Ils étaient cinq à comparaître le 31 mars, dans trois dossiers différents mais pour un même délit : avoir chassé avec des radios.

Les cinq prévenus avaient été pris la main dans la besace par des agents de l’Office national de la chasse et de la faune sauvage (ONCFS), lors de trois contrôles effectués, pas tout à fait au hasard, les 16 décembre et 26 janvier derniers, à Arudy et Louvie-Juzon. Hier, le tribunal correctionnel de Pau a prononcé des peines d’amende allant de 75 à 200 euros contre les protégés de Saint-Hubert. Ainsi que la confiscation de leur matériel radio.

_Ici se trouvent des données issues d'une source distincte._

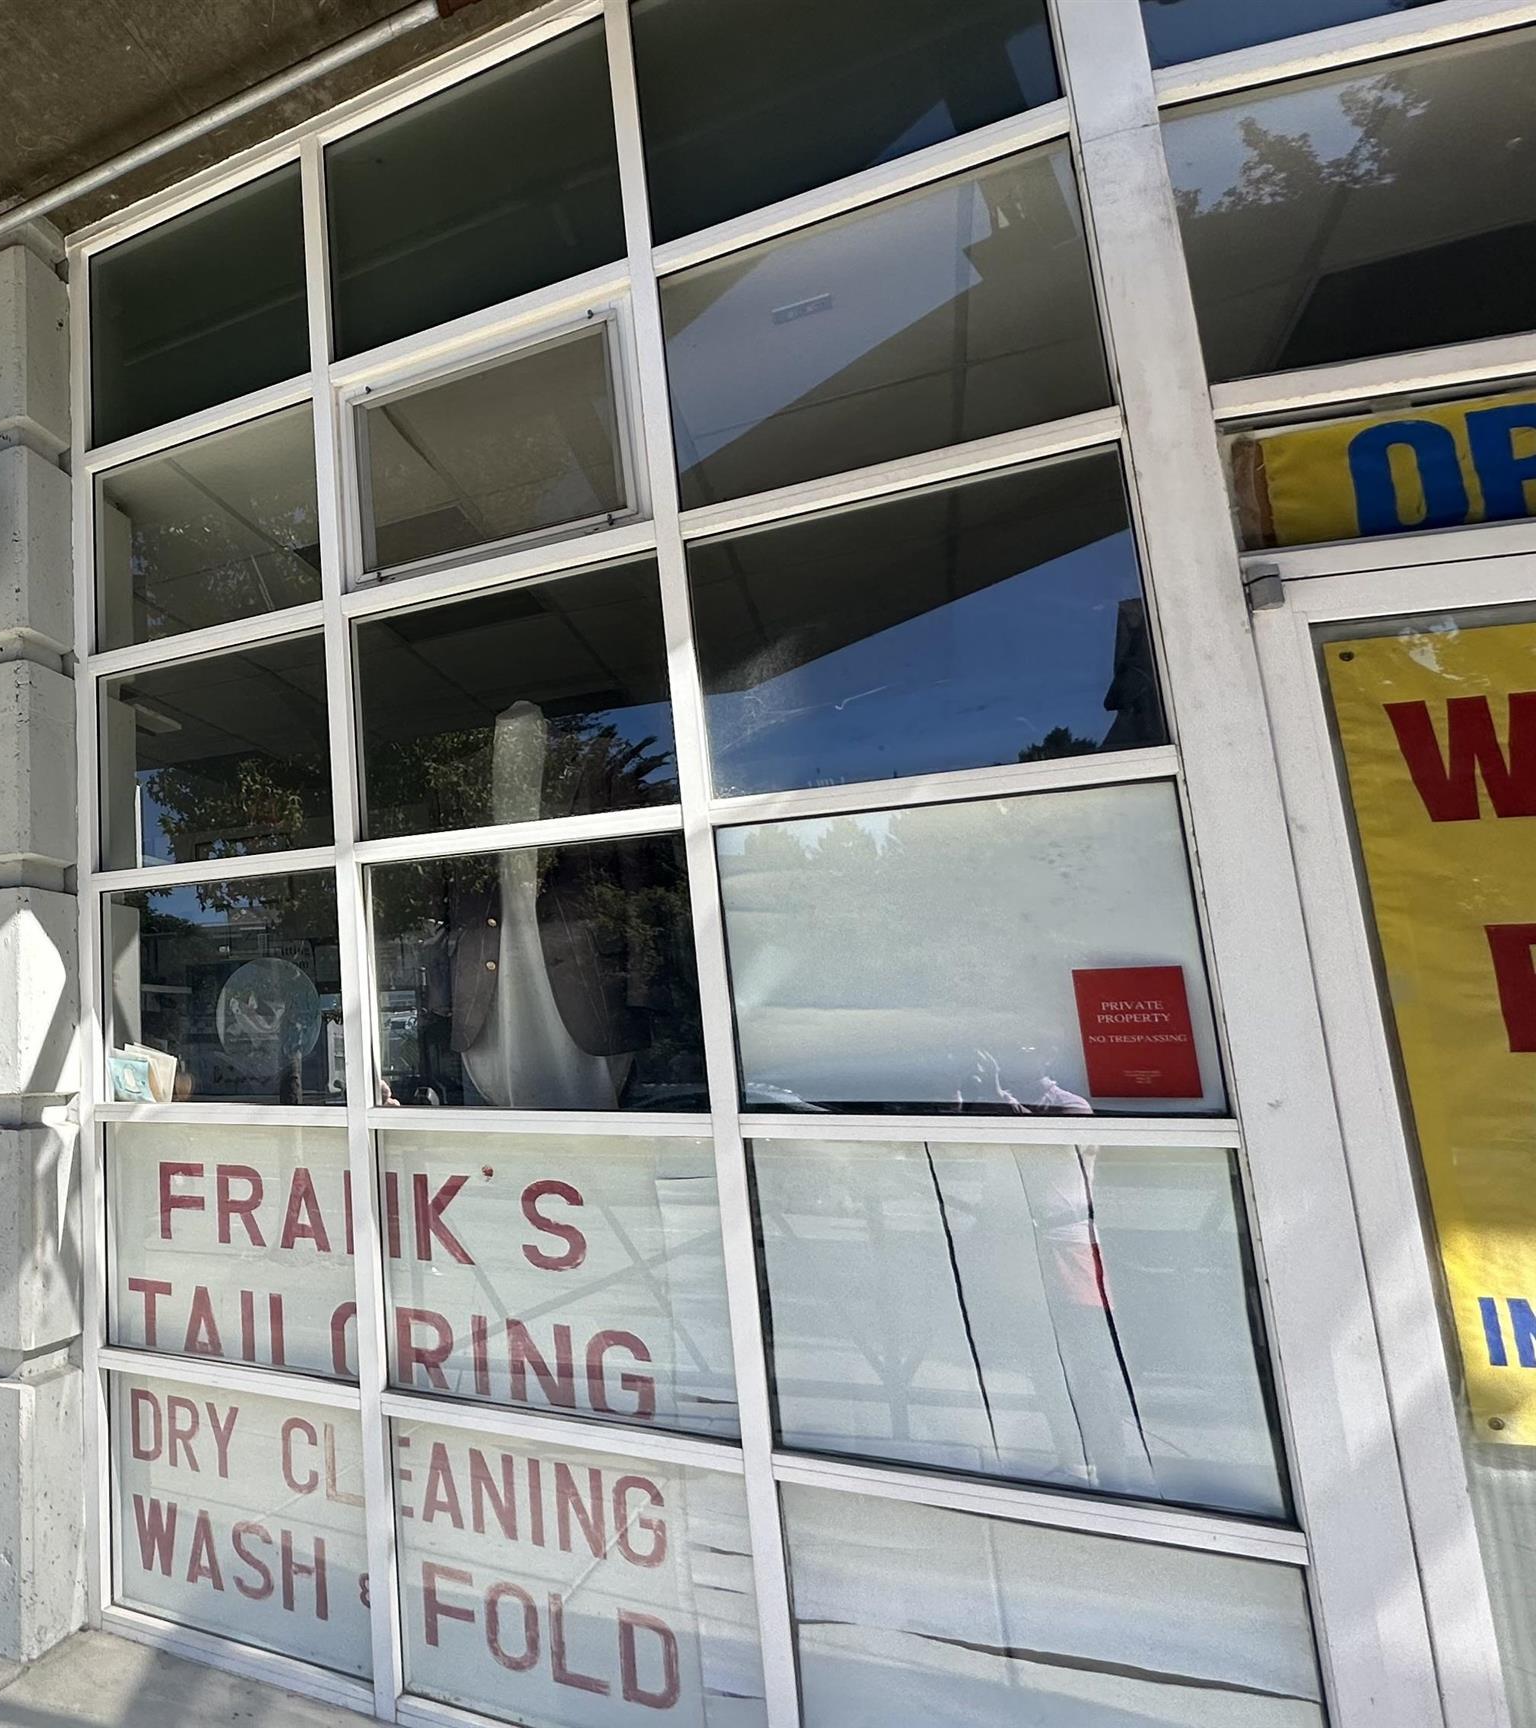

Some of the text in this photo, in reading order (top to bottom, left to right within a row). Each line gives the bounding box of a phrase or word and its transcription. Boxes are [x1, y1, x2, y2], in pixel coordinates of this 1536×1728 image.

Lors de leur comparution devant le tribunal, aucun de ces hommes n’avait reconnu avoir utilisé ces radios en action de chasse. Âgés de 20 ans, pour le plus jeune, à 79 ans, pour le plus âgé, ils avaient tous une bonne explication pour la possession de ce matériel prohibé.

L’un, contrôlé à Arudy, avait expliqué qu’il utilisait son radioémetteur uniquement pour retrouver ses chiens à la fin de la battue. Un autre, un retraité de 71 ans, expliquait que c’était sa petite fille qui lui avait offert son matériel pour « aller aux champignons » et que, sinon, il l’utilisait « pour écouter les animations genre courses de VTT dans le secteur » lors de ses promenades.

Gibiers de potence

Sauf qu’en le contrôlant, les gardes-chasses ont allumé son appareil et sont tombés sur une conversation entre chasseurs.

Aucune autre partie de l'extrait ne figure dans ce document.